A few months ago, we had a predator issue at the farm. Some may have viewed it as a small catastrophe – at least the chickens certainly did. We were raising our laying hens in our ideal set up. We used a mobile coop that, once the automatic door opened, allowed the hens to be unencumbered and free to roam the pasture. We employed several practices to deter predators, but we chose not to put electric netting around the coop. This way, the chickens could roam further from their coop, supply their own fertilizer to more of the pasture, and scratch through more cow patties. When chickens break up cow patties, they end up killing the fly larvae in them, eventually reducing the fly population across the farm. A reduced fly population means that we don’t have to put fly powder on our animals. It also helps evenly spread the manure over the soil.

 One of the survivors - a naked neck. This variety of chicken is incredibly social and very calm! They tend to follow me around, although the second I try to catch one to snuggle, they bolt. I'm so glad we still have some of them.

One of the survivors - a naked neck. This variety of chicken is incredibly social and very calm! They tend to follow me around, although the second I try to catch one to snuggle, they bolt. I'm so glad we still have some of them.

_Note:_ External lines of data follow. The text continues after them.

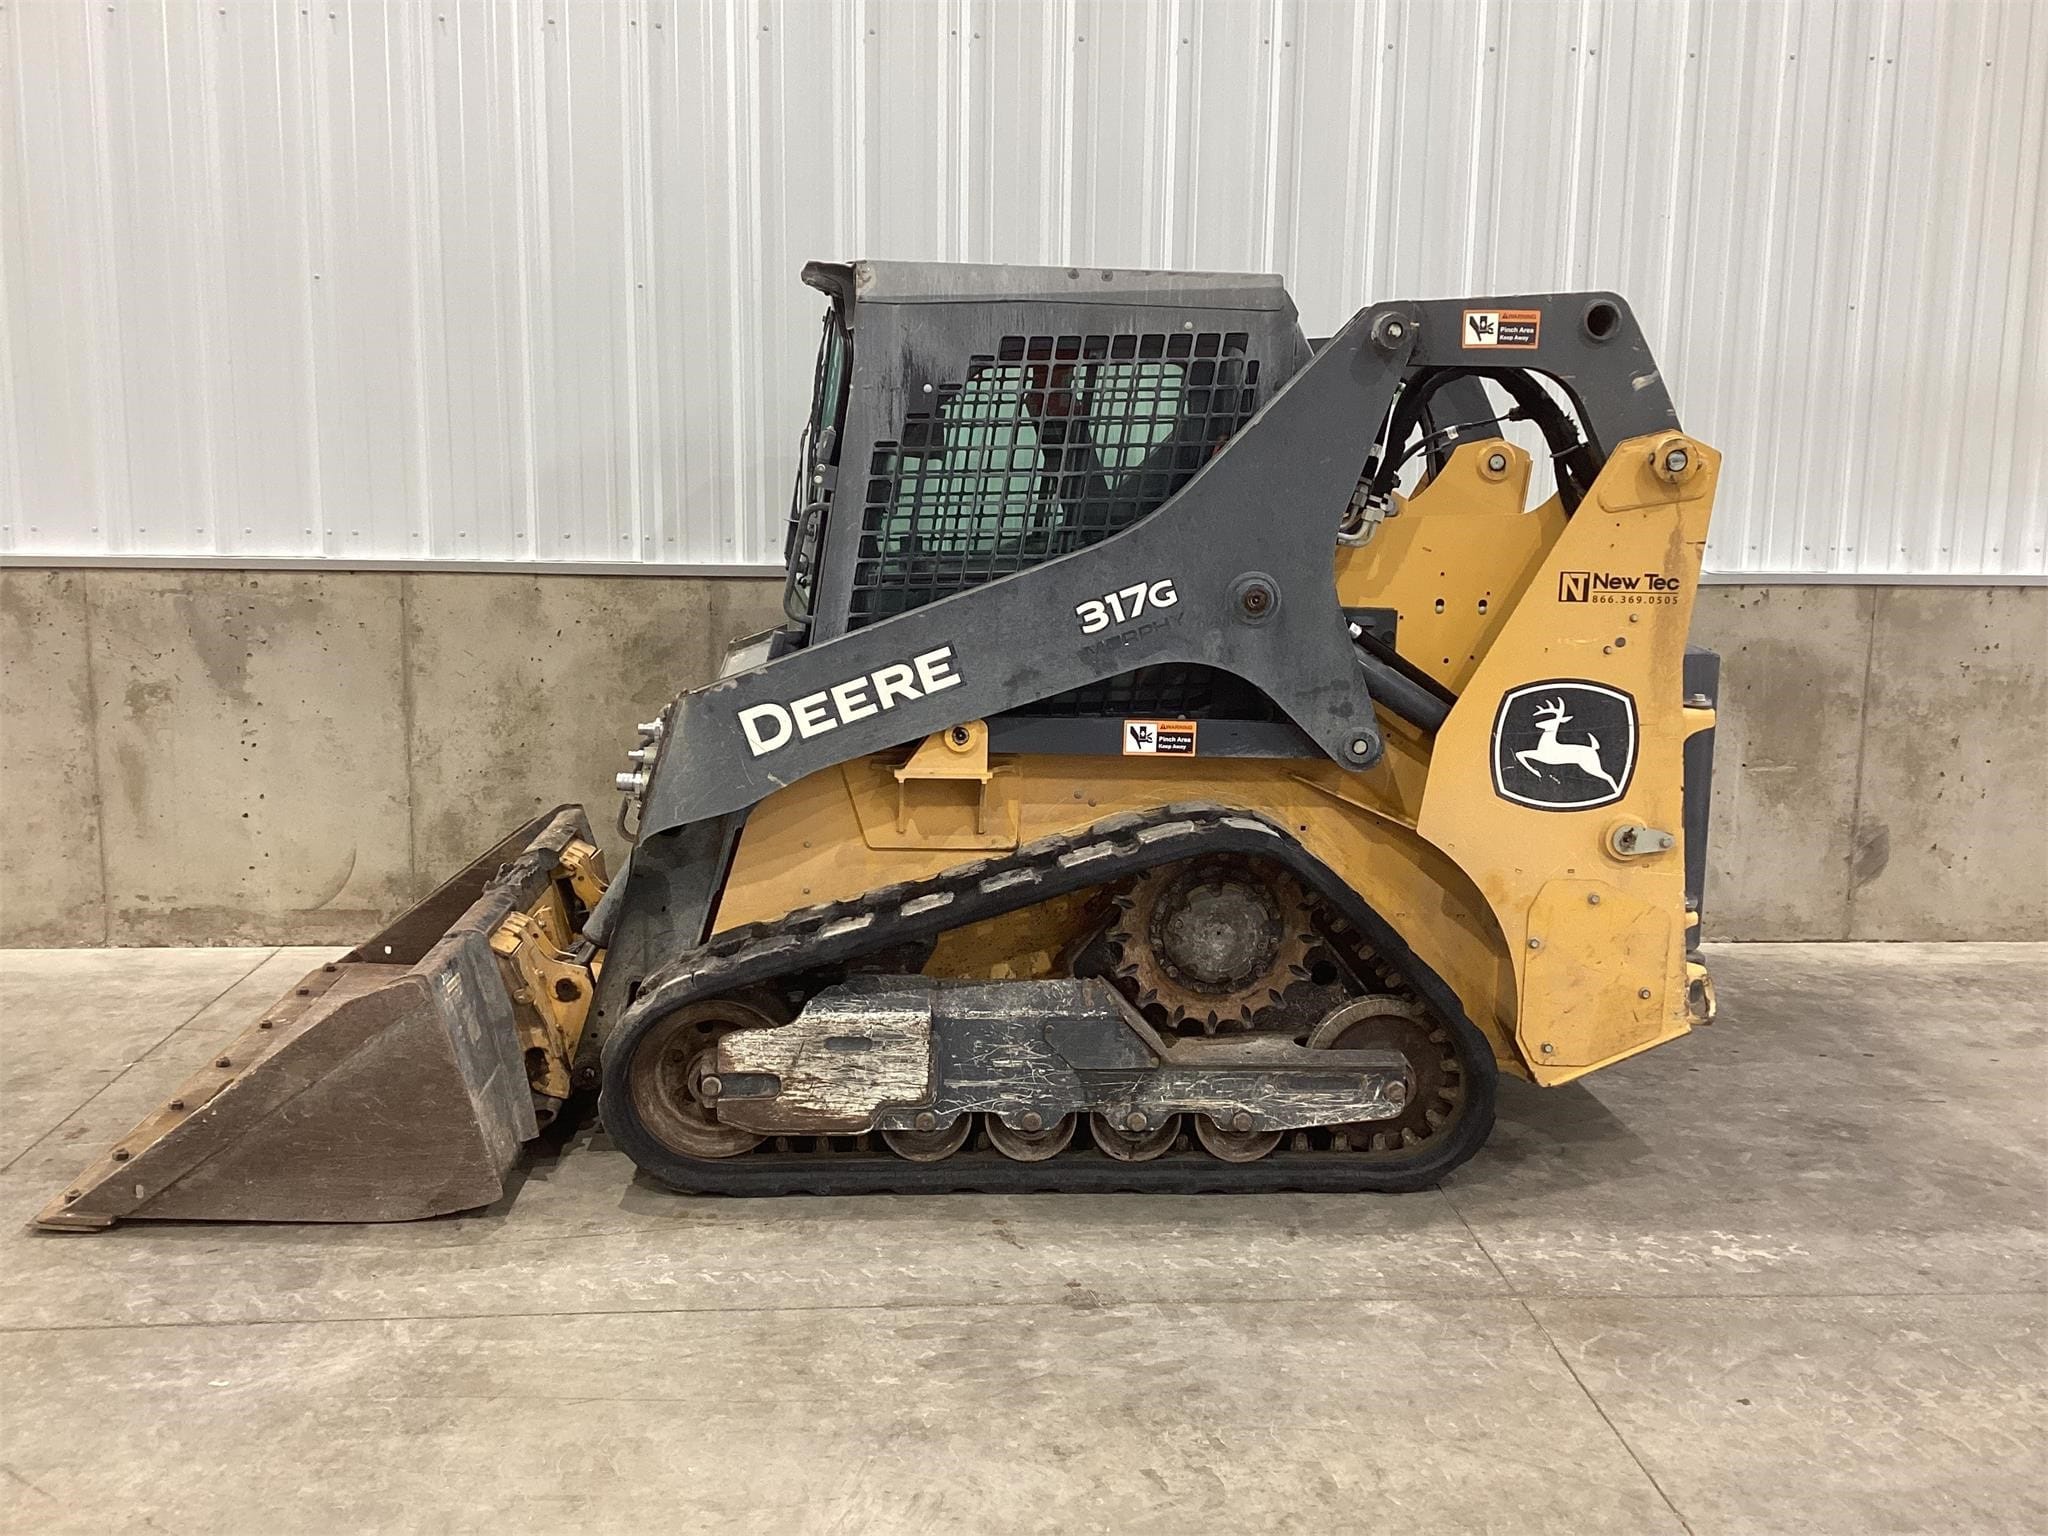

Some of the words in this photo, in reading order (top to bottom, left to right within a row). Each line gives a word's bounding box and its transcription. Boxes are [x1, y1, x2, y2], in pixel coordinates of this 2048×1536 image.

[1500, 326, 1518, 334] Pinch
[1592, 573, 1641, 590] New
[1644, 573, 1680, 591] Tec
[1075, 578, 1178, 635] 317G
[1592, 595, 1679, 605] 866.369.0505
[737, 645, 962, 758] DEERE
[1158, 735, 1176, 743] Pinch

Well – we went out of town for a weekend, and our chore rhythm was disrupted. A day after we returned home, we came out in the morning to find that multiple predators (probably coyotes) had found the chickens. Almost half of our laying flock was killed in one attack, and we were devastated. Predator losses, even massive losses, are not an uncommon occurrence for people raising laying hens on pasture, but it is not acceptable and is it not sustainable. We kept going over what we had to do differently going forward. The remaining chickens were traumatized, and all but quit laying eggs. I can’t say that I blame them! We had to figure out how to strike a balance between the safety of the chickens and our ideal vision of pasture-raised laying hens.

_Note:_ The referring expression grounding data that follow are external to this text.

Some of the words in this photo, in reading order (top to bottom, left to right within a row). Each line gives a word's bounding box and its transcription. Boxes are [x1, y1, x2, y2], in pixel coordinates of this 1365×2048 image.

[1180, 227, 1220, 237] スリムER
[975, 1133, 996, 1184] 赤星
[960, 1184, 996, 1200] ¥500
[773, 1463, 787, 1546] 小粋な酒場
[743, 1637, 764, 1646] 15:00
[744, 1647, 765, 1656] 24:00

It seems that some themes consistently pop up in my life, lessons that the universe presents to me over and over. Among them – humility (I will not be recounting those tales here, ha), time management (comment below in solidarity if you’re a lifelong procrastinator like me!), and this current idea of balance. I find that my kids are a great indicator of when our life is off balance. When I get caught up in doing ALL the activities and going to ALL the events – it seems that they always get sick! And then we are forced to slow down and IT IS HORRIBLE. I am so thankful for this new year, because as our farm grows and our kids grow, we keep getting busier but we also keep learning. I’m learning to take steps to consciously keep work, family, and social life balanced. Right now, I try not to commit to Friday evening events (my kids are tired and emotional after a week of school!) The other way that I try to create some semblance of balance every week is to slow down on Sunday afternoons, roast a chicken, and talk about the week ahead with Todd. It’s sort of like a Monday morning staff meeting – except totally relaxed and infused with plaid flannel. I also get the added bonus of an awesome dinner and versatile leftovers!

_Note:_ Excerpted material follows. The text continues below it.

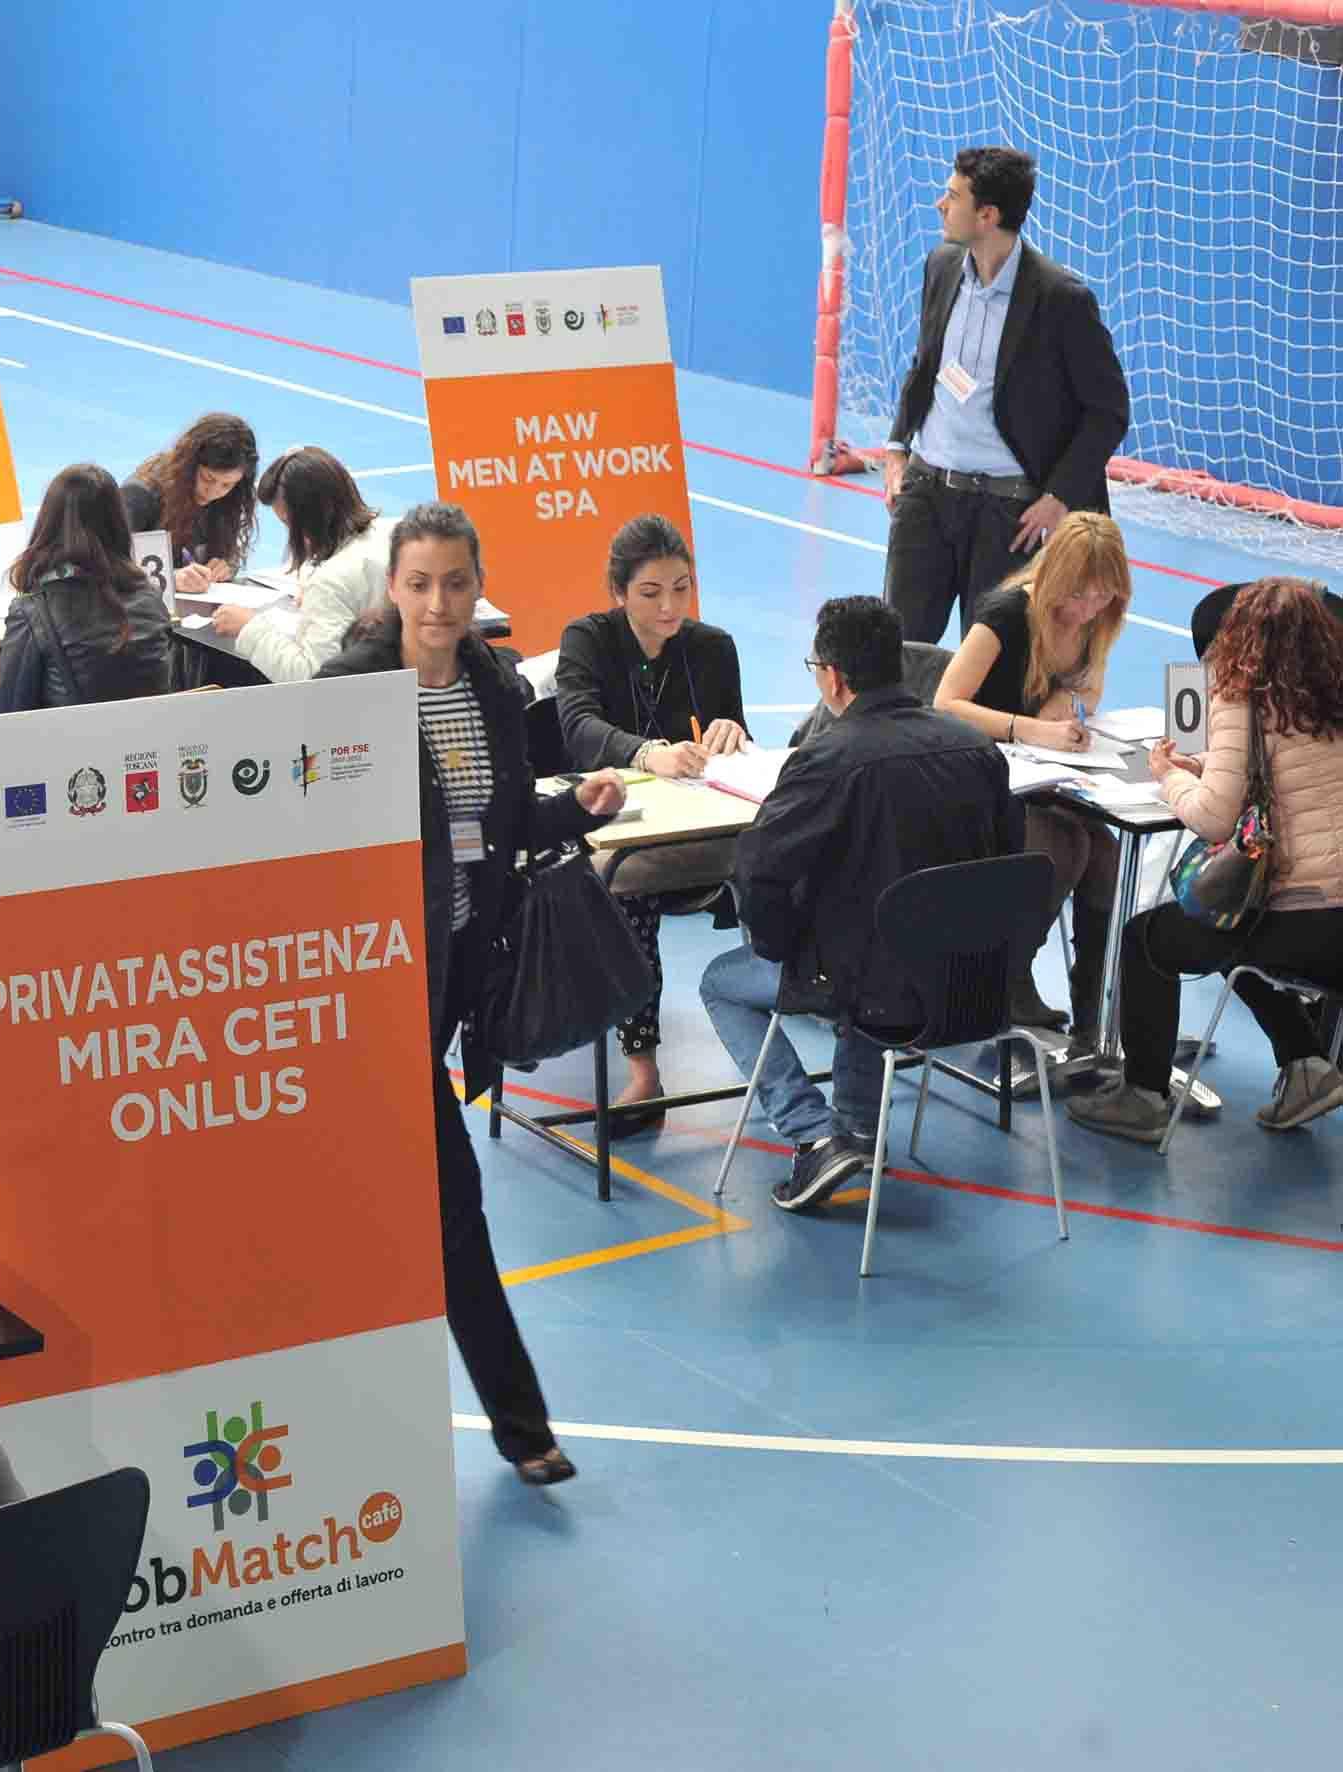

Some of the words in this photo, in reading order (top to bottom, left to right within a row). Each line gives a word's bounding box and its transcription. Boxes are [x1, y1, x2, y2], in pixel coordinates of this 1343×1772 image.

Our chickens, as routine and simple as they appear, keep us thinking. Todd likes to tell me that “the best fertilizer is the farmer’s footsteps” – that our thoughtful observations and presence are absolutely the best things we can do for the farm. And yes, I made fun of Todd for being SUPER CHEESY when he said this, but I can’t deny that it’s stayed with me! In our current quest for balance, we finally decided to go back to electric netting. So far, we haven’t had any predator issues. We use two large nets to create a loop around the mobile coop and feeder, and we move the chickens to a new spot about once a week. They still have tons of room to flap and run, they still scratch through plenty of cow patties, and they still move around the farm. Even though it’s not exactly how we envisioned things, our old hens have stability and safety, and our new hens are thriving and laying eggs, and we are back to our previous production levels. As the new hens reach full maturity and lay more consistently, we will have more eggs and more availability for our egg route very soon! Our current egg customers have been so patient and I am, as always, blown away by the interest and support of our farming venture. We can’t wait to keep sharing the great things happening here!

 The chickens still have SO MUCH ROOM! I hope each of you comes to visit so you can watch them scratch and listen to their lovely chatter.

The chickens still have SO MUCH ROOM! I hope each of you comes to visit so you can watch them scratch and listen to their lovely chatter.